By: Paul Cadach (pcadach) 2004-06-15 21:28:11

trmchee3, this ticket is definitely relies on bug at Panasonic PBX firmware, not at Asterisk. petersv just asks about making idle channel restarts to be configurable.

I don't see any relation between this ticket and 1809.

By: trmckee3 (trmckee3) 2004-06-15 21:44:23

This statement: "the conversation that came on zap span 2 channel 31 was lost by the pbx attached there. Asterisk still thinks it was up and there was no element from the pbx to suggest why it tought that channel went down." matches what I see except that there is a DMS500 on the other end of my PRI.
It might be a firmware bug in the Panasonic triggering the state mismatch in his case, but there is a similar problem on my end - which seems to be related to a call coming into an undefined DID number from a DMS500. Once I defined all possible DIDs to go to a voice menu the problem disappeared.

By: Mark Spencer (markster) 2004-06-15 22:18:09

Agreed this is definitely related to 1809, and the duplicate ring portion of the debug (which is not what this bug's main title is about) is also definitely an Asterisk issue, but I need to see how the channel is being "stuck" in this case.  I will need to be able to attach with gdb to a system stuck in that state.

By: Paul Cadach (pcadach) 2004-06-15 22:39:12

As I pointed before, there was NOT ANY message related to span 2 channel 31, so call must be in UP state. Possible Panasonic PBX doesn't support single-channel restarts and treats such cases as span restarts.

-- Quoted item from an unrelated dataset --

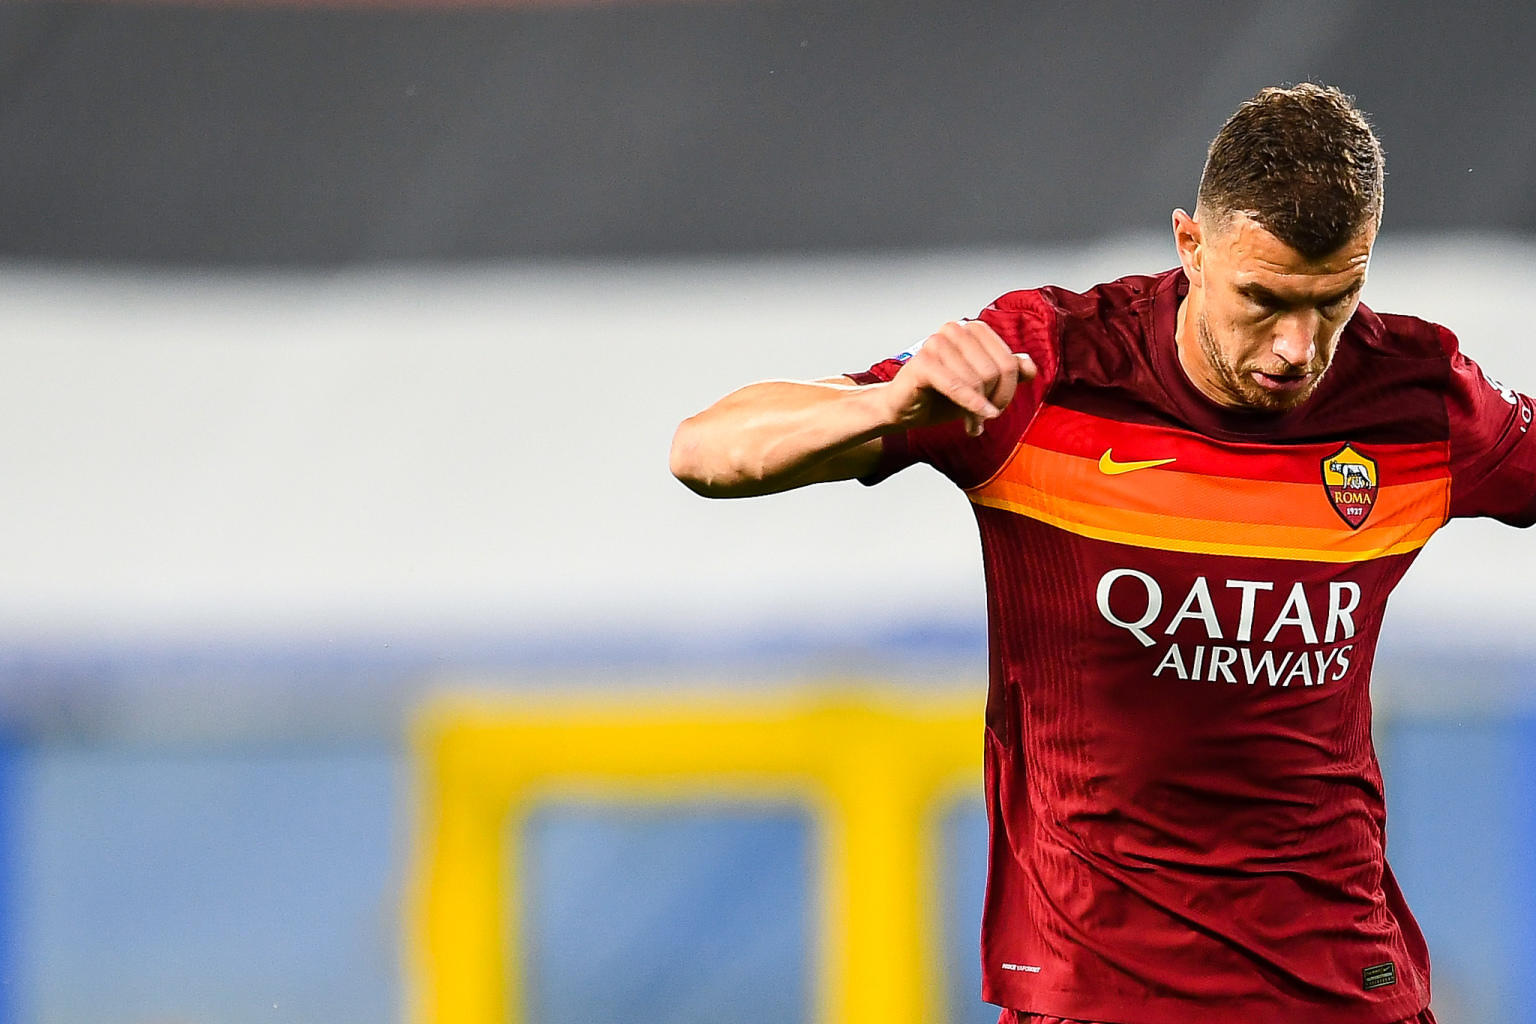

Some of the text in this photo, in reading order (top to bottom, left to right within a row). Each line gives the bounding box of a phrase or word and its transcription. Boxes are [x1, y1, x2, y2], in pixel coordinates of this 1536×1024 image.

[1334, 491, 1372, 505] ROMA
[1346, 507, 1363, 516] 1927
[1096, 568, 1361, 647] QATAR
[1152, 643, 1353, 687] AIRWAYS

Attached patch allows to specify restart interval on per-span basis (it will reset to default value if this option is not specified directly), or just disable restarts when "resetinterval=0".

By: petersv (petersv) 2004-06-16 01:05:27

I would like to test restarting just one channel and see if the problem is only on cahnnel 31, if it is an off-by-one in the Panasonic or if it just restarts all channels when it gets a restart one cahnnel message.

I will not be able to do this for a few days.

By: Paul Cadach (pcadach) 2004-06-16 18:38:27

I'll try to provide a patch this weekend.

By: Mark Spencer (markster) 2004-06-17 14:34:39

This should now be fixed in CVS.  Please try updating and lets see if I really got it.

By: Mark Spencer (markster) 2004-06-18 14:52:34

Please confirm this is fixed at your earliest convenience.

By: petersv (petersv) 2004-06-19 09:32:35

The whole E1 to the pbx reset when the idle channels are reset. I guess our Panasonic PBX is alergic to the resets. I have disabled the periodic restarts for now in our installation (or rather, they are reset once every 100 days).

It is a bug in our pbx. A nice workaround would be to only di the reset if all channels are idle.